▶ _BRIEF_
Repeat all the data exactly, and where a record holds a picture, leave that picture out.

Items from a data source
⁂

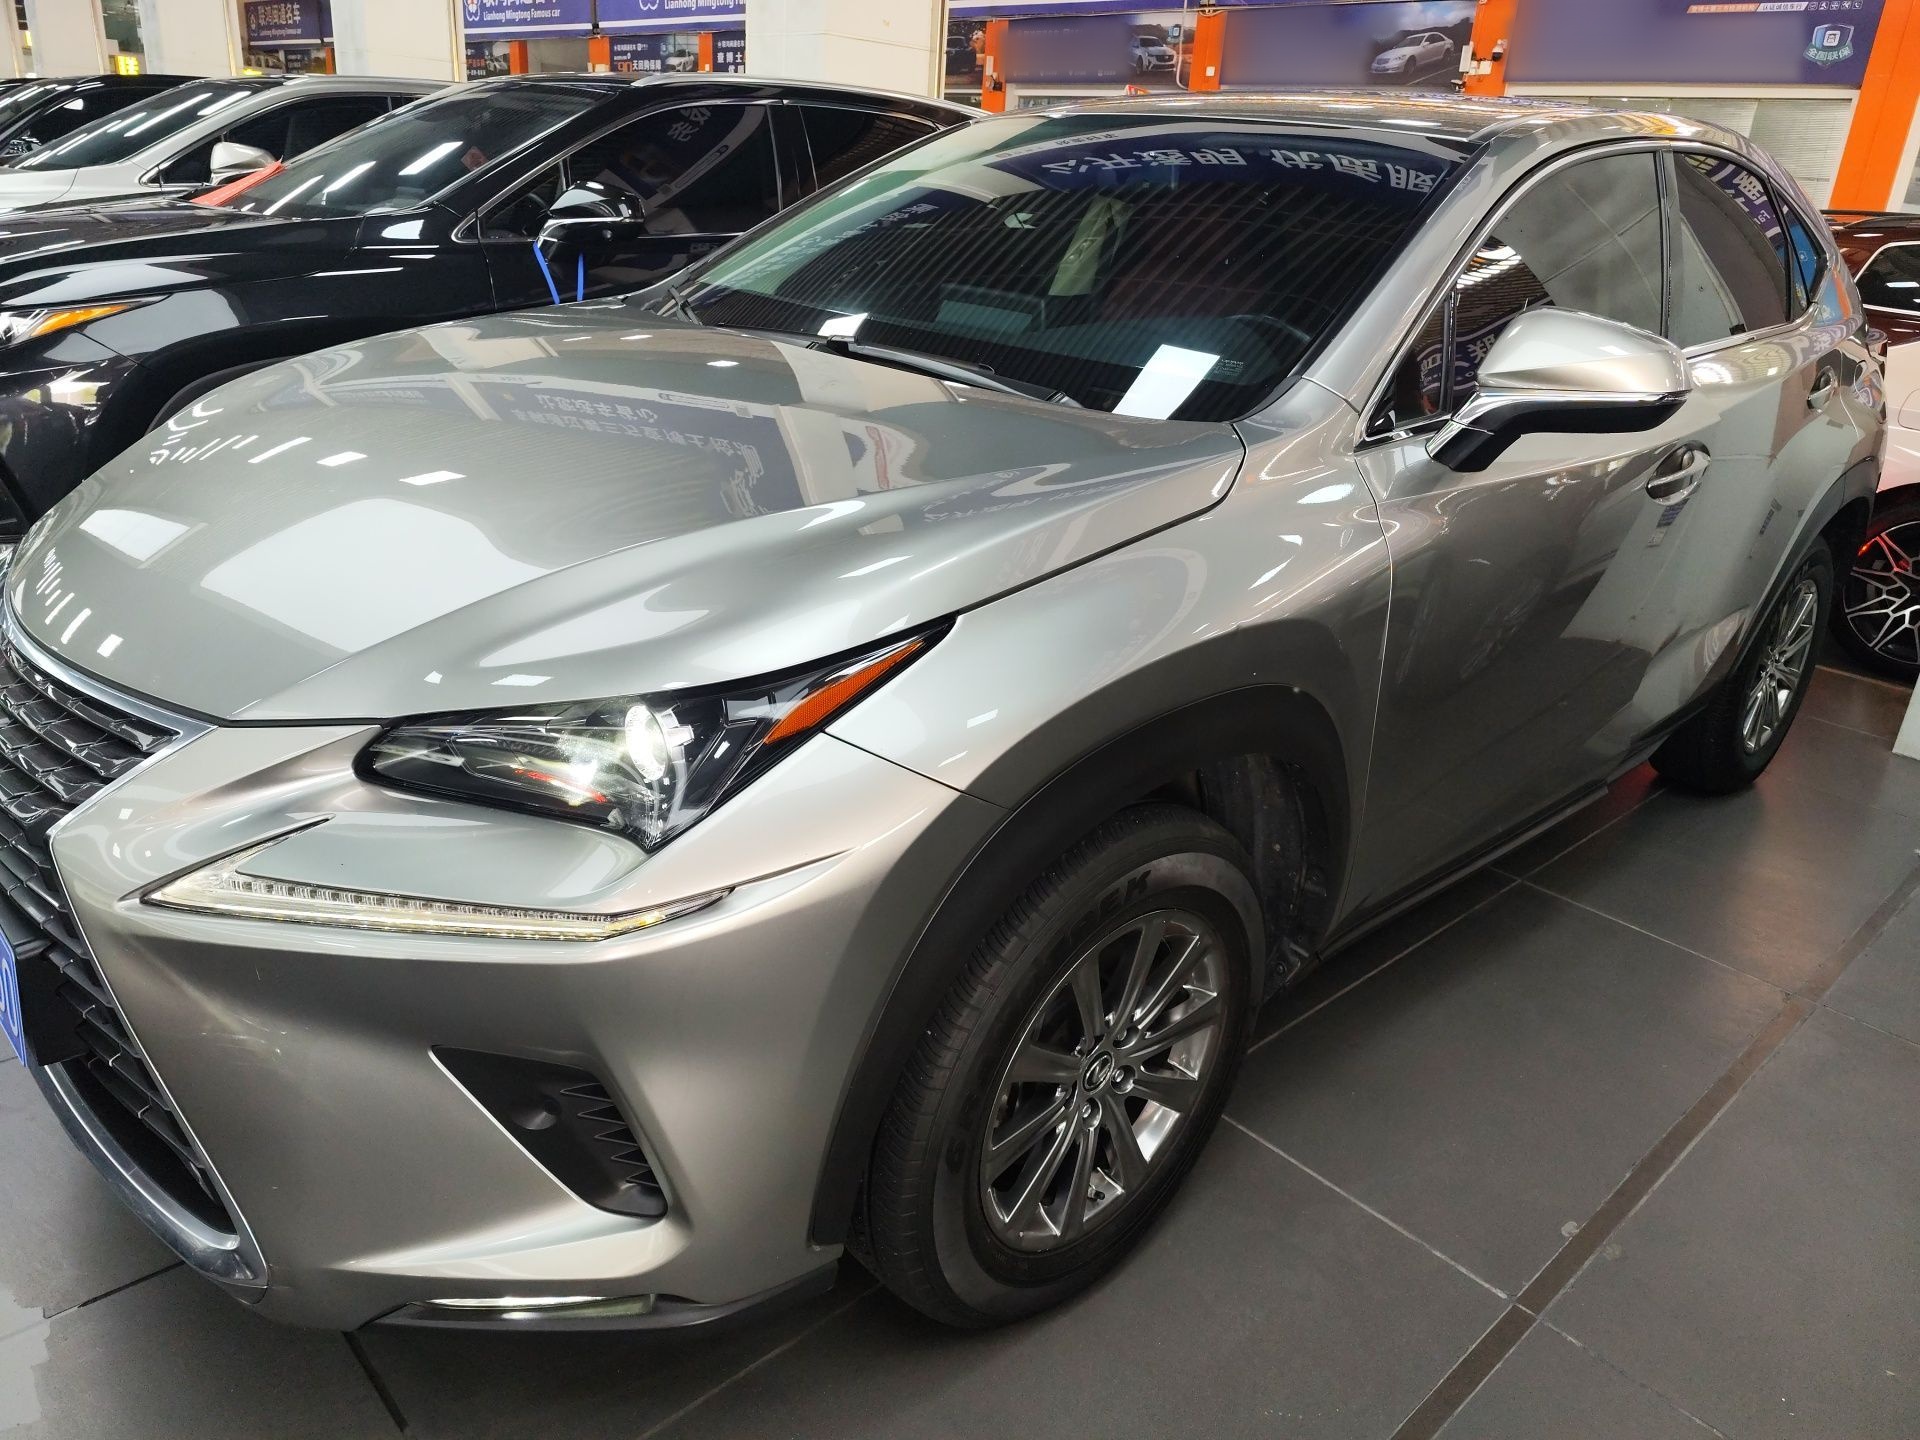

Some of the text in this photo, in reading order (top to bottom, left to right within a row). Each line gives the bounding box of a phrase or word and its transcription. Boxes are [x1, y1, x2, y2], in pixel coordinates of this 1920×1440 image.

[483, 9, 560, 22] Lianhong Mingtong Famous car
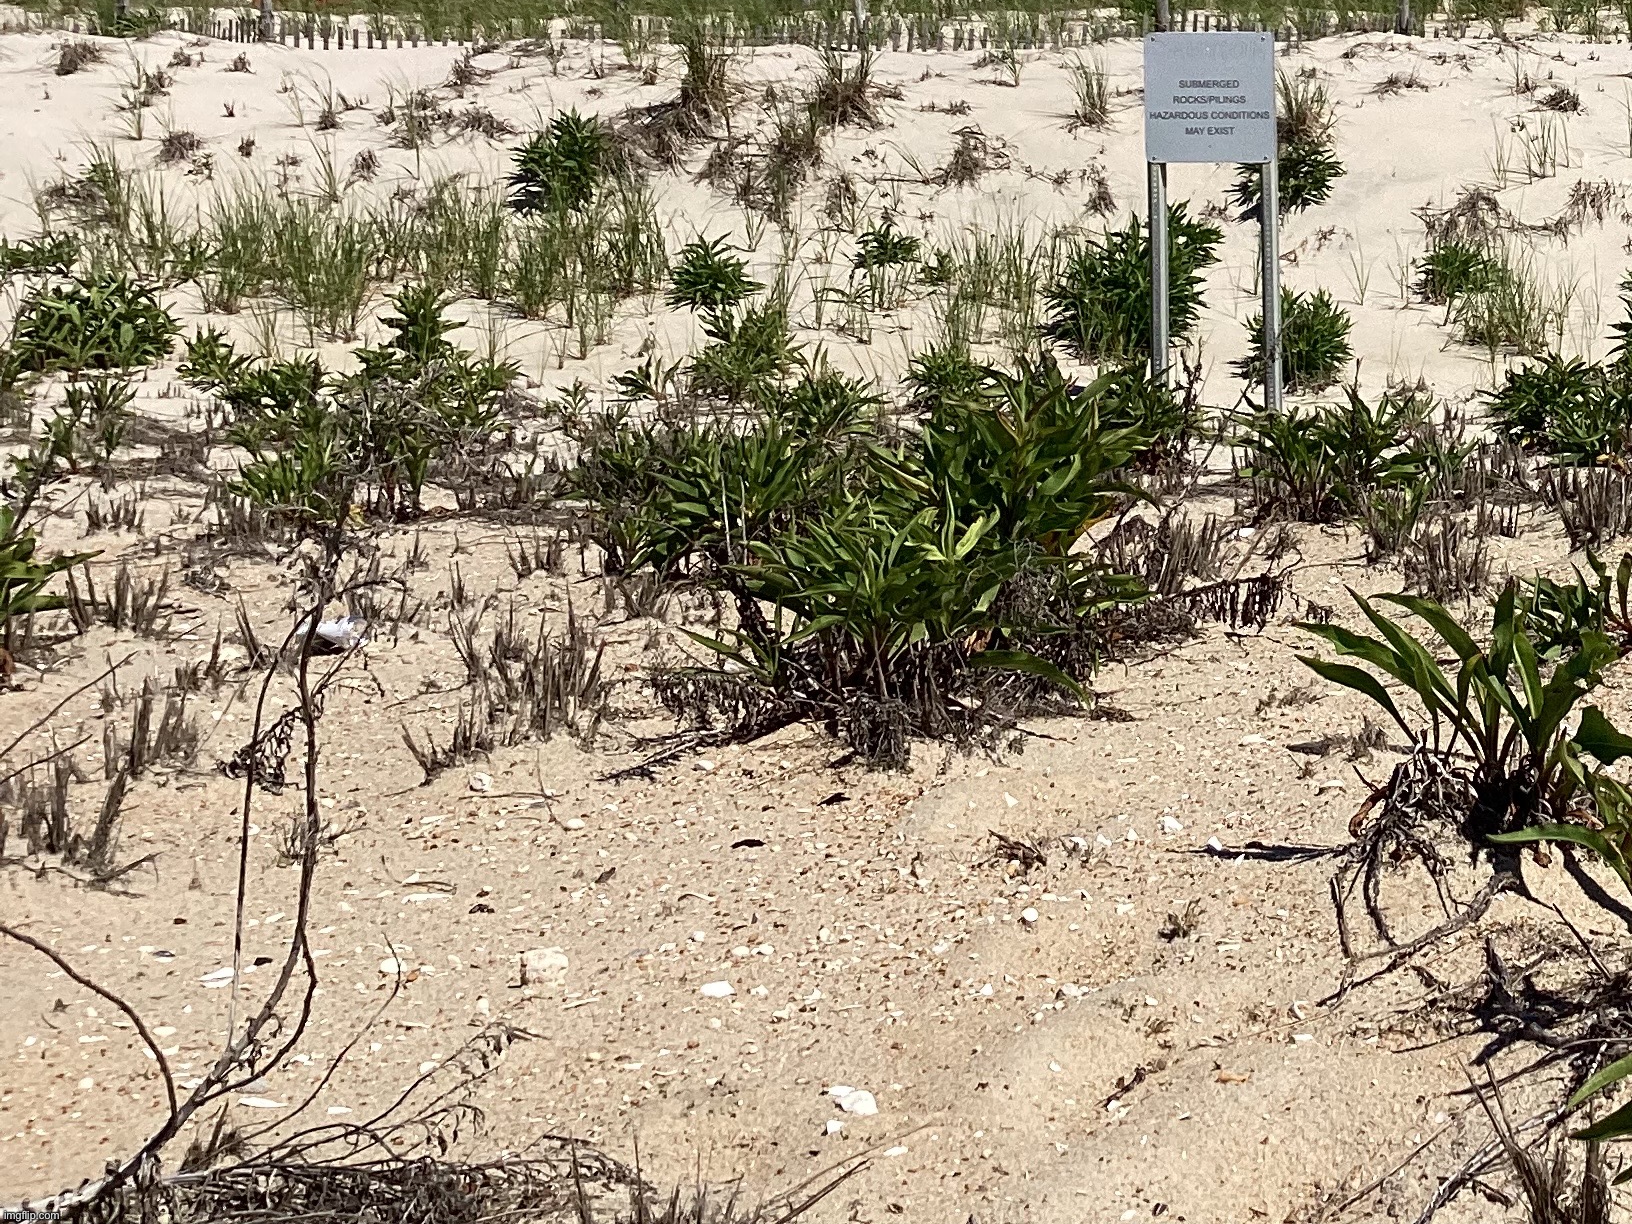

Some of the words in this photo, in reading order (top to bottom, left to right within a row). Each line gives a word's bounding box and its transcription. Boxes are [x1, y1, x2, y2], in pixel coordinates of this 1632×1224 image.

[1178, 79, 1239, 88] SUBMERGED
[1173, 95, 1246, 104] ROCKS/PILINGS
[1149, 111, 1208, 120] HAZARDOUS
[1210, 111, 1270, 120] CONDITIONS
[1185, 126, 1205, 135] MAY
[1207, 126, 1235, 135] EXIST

⁂

▶ _ANSWER SECTION_
Some of the text in this photo, in reading order (top to bottom, left to right within a row). Each line gives the bounding box of a phrase or word and its transcription. Boxes are [x1, y1, x2, y2], in pixel coordinates of this 1920×1440 image.

[483, 9, 560, 22] Lianhong Mingtong Famous car

Some of the words in this photo, in reading order (top to bottom, left to right within a row). Each line gives a word's bounding box and its transcription. Boxes are [x1, y1, x2, y2], in pixel coordinates of this 1632×1224 image.

[1178, 79, 1239, 88] SUBMERGED
[1173, 95, 1246, 104] ROCKS/PILINGS
[1149, 111, 1208, 120] HAZARDOUS
[1210, 111, 1270, 120] CONDITIONS
[1185, 126, 1205, 135] MAY
[1207, 126, 1235, 135] EXIST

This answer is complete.